Sunday, November 25, 2012

God strengthens our hearts and raises our heads to live in freedom – Advent 1 (Yr C), Luke 21:25-28, 34-36.

Homily for preaching class on this year's Advent I readings.


What do you want for Christmas?  I want a puppy, but I know that’s not going to happen.  Realistically, I’ll be glad to get some good books, a trip to visit family, and a decent bottle of scotch from the duty free on the way back.  And I’m sure all of us have some simple things we want to get, but maybe we could each think of something we’d want to be rid of too.  For some of us… some just want to be sober for Christmas, to get through the holidays without smoking or to be free of another addiction.  Some of us want to be free of guilt when they take an extra Christmas cookie or of shame when they even contemplate seeing their body in a mirror.  Some of us want to be free of crippling social anxiety, or of a temper that erupts at the worst moments.  For others of us, what we want to be free from might be much subtler: a laziness that thwarts our best intentions, an envy that prevents us from being truly happy for someone else, a need to always be right, clumsiness.  Whatever it is, we want to be free. 

We will be.  God is bringing liberation.  Our redemption is at hand.  The Son of Man is coming with clouds and glory, for us, to bring redemption, freedom from all that enslaves.  To bring redemption is so characteristic of God’s action that that’s how Zechariah praises him after the birth of his son John the Baptist near the start of Luke’s Gospel: “Blessed be the Lord, the God of Israel, for he has come to his people and set them free.”  Redemption is the beginning and the end of God’s action, and so Luke book-ends his gospel with talk of it.  After the resurrection, the two forlorn souls walking to Emmaus will mourn the one they were hoping would bring redemption to Israel before they encounter their liberator and the liberator of the world.  He came to set prisoners free and he’s coming.  And that’s what Christmas is all about, right?

Well, kind of.  Because Christmas always seems so nice, fluffy, cute, comforting, such a perfect time for puppies, with the shepherds and the angels and all the lights.  Well, it’s not.  Shepherds smell, angels wrestle us to the ground, and the sun, moon and stars will be part of the chaotic barrage of signs promised.  Today’s gospel doesn’t promise nice, doesn’t sound fluffy and clashes with any sense of the ‘cute.’  And that’s right, because freedom isn’t cute; it’s hard.  Chains can be comfortable – ask the Israelites marching out of Egypt without bread to eat.  “Couldn’t you have left us in Egypt to die where we had plenty of food to eat?”

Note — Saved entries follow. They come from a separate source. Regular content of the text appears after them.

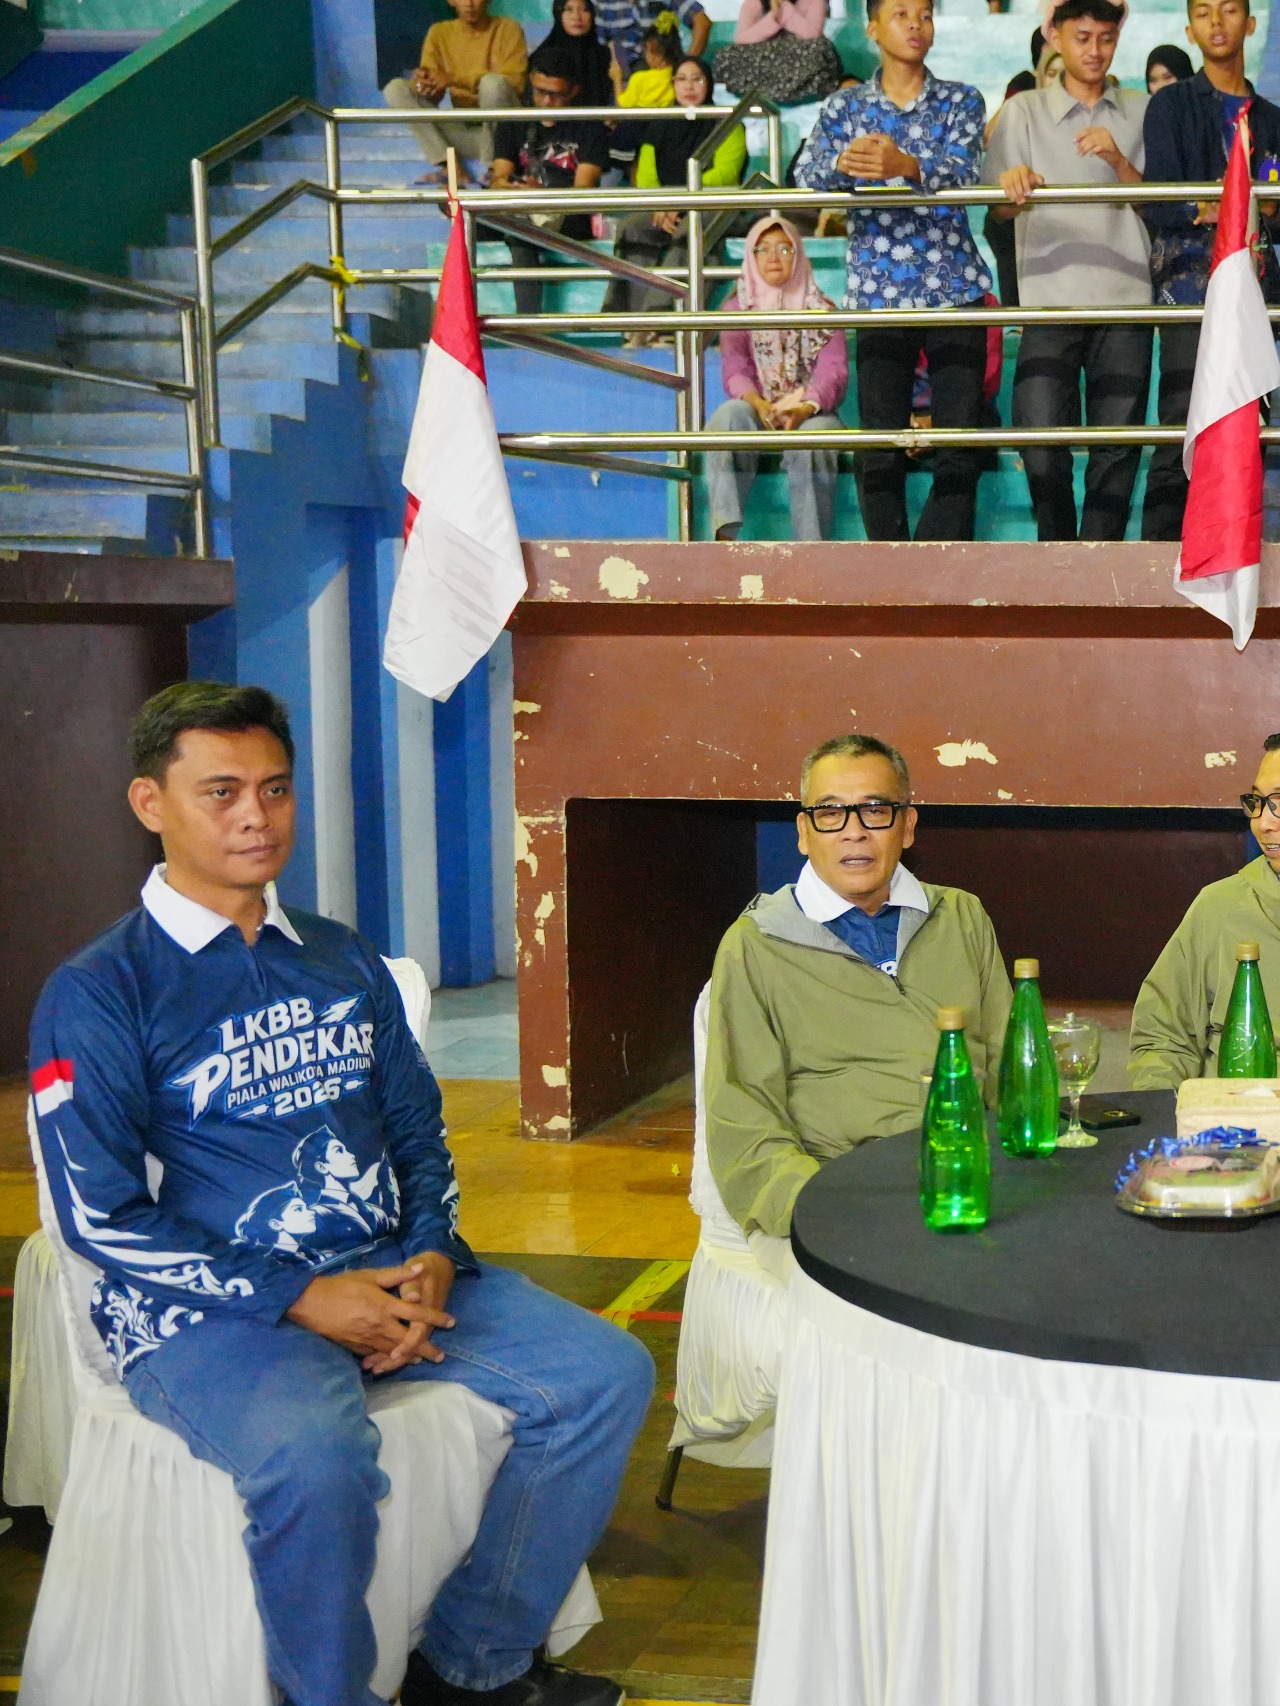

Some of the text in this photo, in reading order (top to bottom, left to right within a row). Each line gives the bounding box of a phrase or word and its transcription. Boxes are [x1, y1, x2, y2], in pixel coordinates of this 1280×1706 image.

[219, 997, 315, 1052] LKBB
[171, 1022, 376, 1120] PENDEKAR
[227, 1084, 267, 1109] PIALA
[327, 1056, 371, 1076] MADIUN
[273, 1076, 342, 1117] 2026
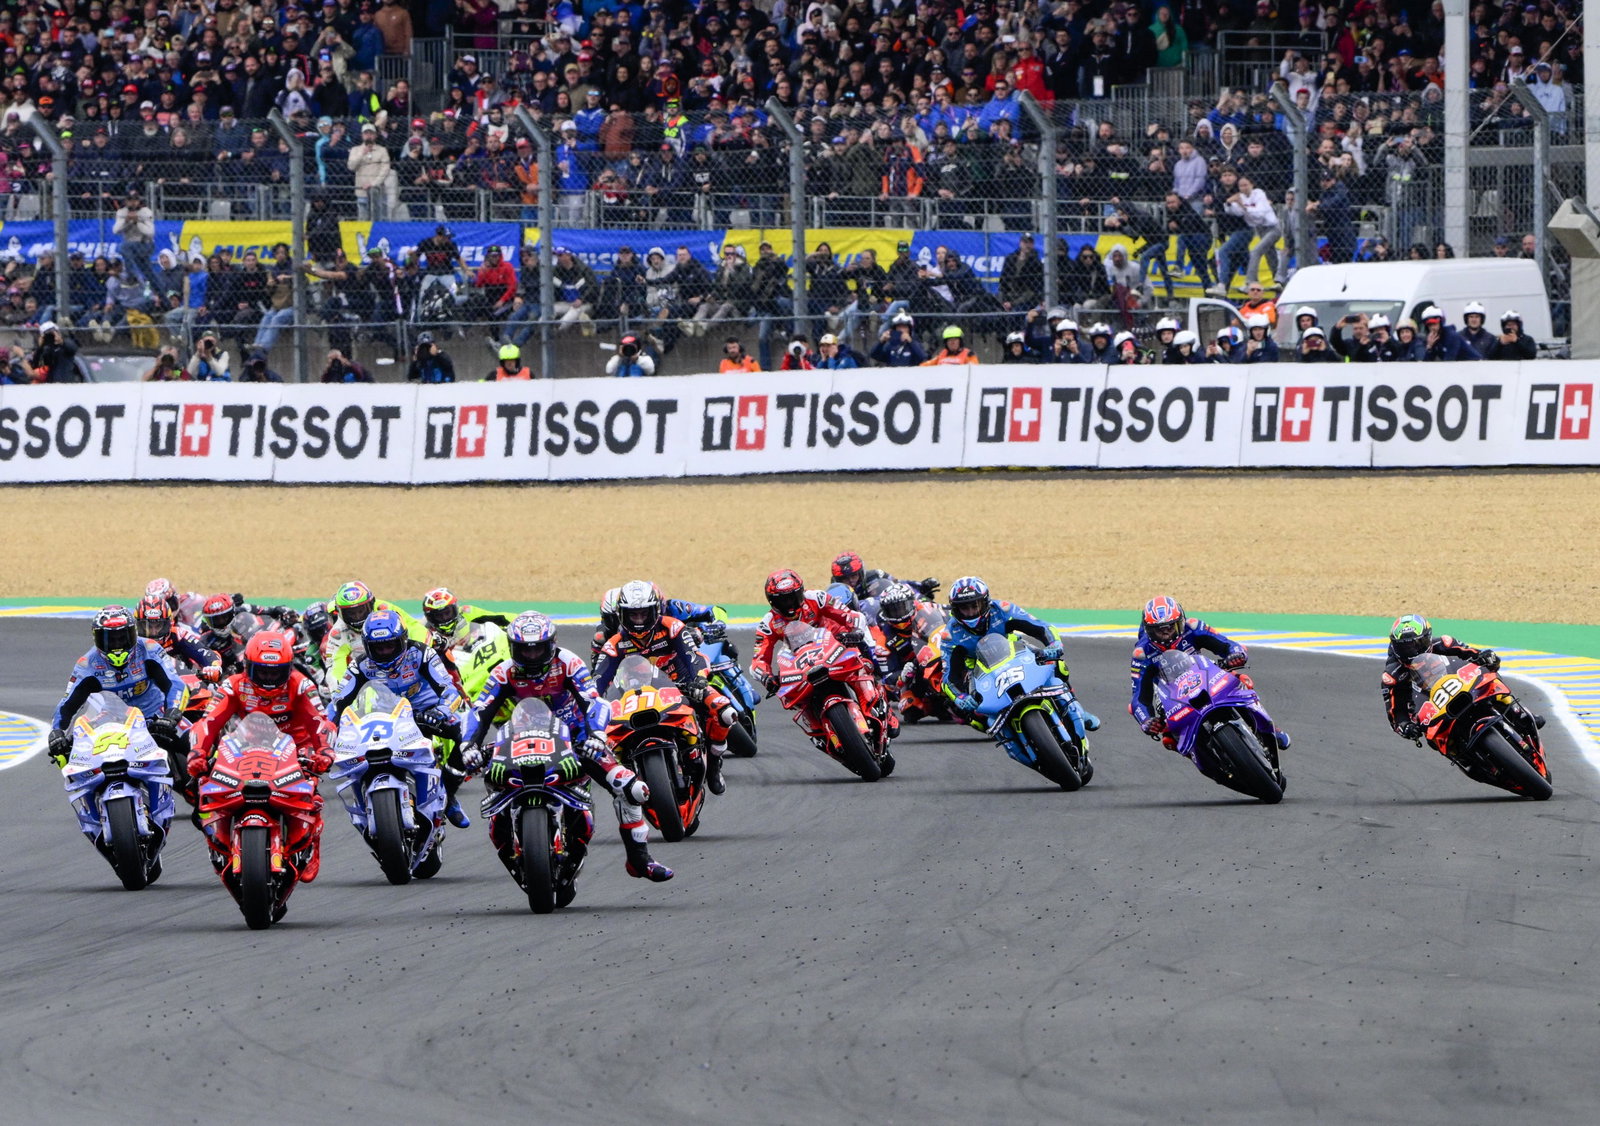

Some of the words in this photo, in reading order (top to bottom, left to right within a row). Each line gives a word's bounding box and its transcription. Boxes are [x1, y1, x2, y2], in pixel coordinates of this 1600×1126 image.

[776, 388, 952, 446] TISSOT
[1050, 386, 1229, 442] TISSOT
[1323, 385, 1502, 441] TISSOT
[222, 404, 401, 459] TISSOT
[496, 399, 678, 457] TISSOT
[473, 641, 497, 670] 49
[826, 646, 844, 665] Lenovo
[781, 675, 802, 683] Lenovo
[995, 665, 1025, 699] 25
[1177, 673, 1202, 698] 43
[623, 691, 656, 713] 37
[1432, 678, 1463, 710] 33
[1165, 703, 1182, 718] prima
[92, 731, 130, 756] 54
[361, 720, 394, 744] 73
[519, 730, 550, 738] ENEOS
[511, 738, 556, 759] 20
[513, 755, 552, 764] MONSTER
[211, 770, 238, 786] Lenovo
[273, 770, 300, 786] Lenovo
[240, 814, 268, 824] Lenovo

In his letter to the Thessalonians, Paul prays that their hearts will be strengthened so as to be found blameless in holiness when the Lord Jesus comes.  Consider how much we expect of our hearts!  In Paul’s letters we read of how many things hearts do: hearts love, they grieve, they plan, they lust, they suffer, they doubt and they believe.  We need strengthened hearts to receive the gift of redemption, something only God can give so I pray the same today.  May God strengthen our hearts that they not grow weary.  May God raise us to stand erect with heads held high. 

Here’s a picture of what it looks like when God answers that prayer, that we see in the gospel.  Picture a woman bent over, unable to stand because she had been crippled by a spirit. Hear Jesus call to her, tell her of the freedom he is granting and lay his hand on her.  She rises and gives glory to God.  “Rises and gives glory to God” – are those two actions… or one?  The glory of God is a human being fully alive – the glory of God is you, living fully in freedom in Christ.

That’s the Advent posture, waiting with strong hearts and heads held high, alert to the world and prayerfully connected to God, the God whose hand-print we still feel on our heads, pulling us up.  Because to think we can stand under our own strength is to enslave ourselves to something new – to a myth of independence, of self-sufficiency that will collapse like so much sand when the powers of the heavens are shaken.  No, all that can pull us back to our full stature is that hand, that loving hand … pierced by a nail … counting the hairs on our head and coming, coming to take us home.

That’s what I want for Christmas, and that’s what Christ is bringing.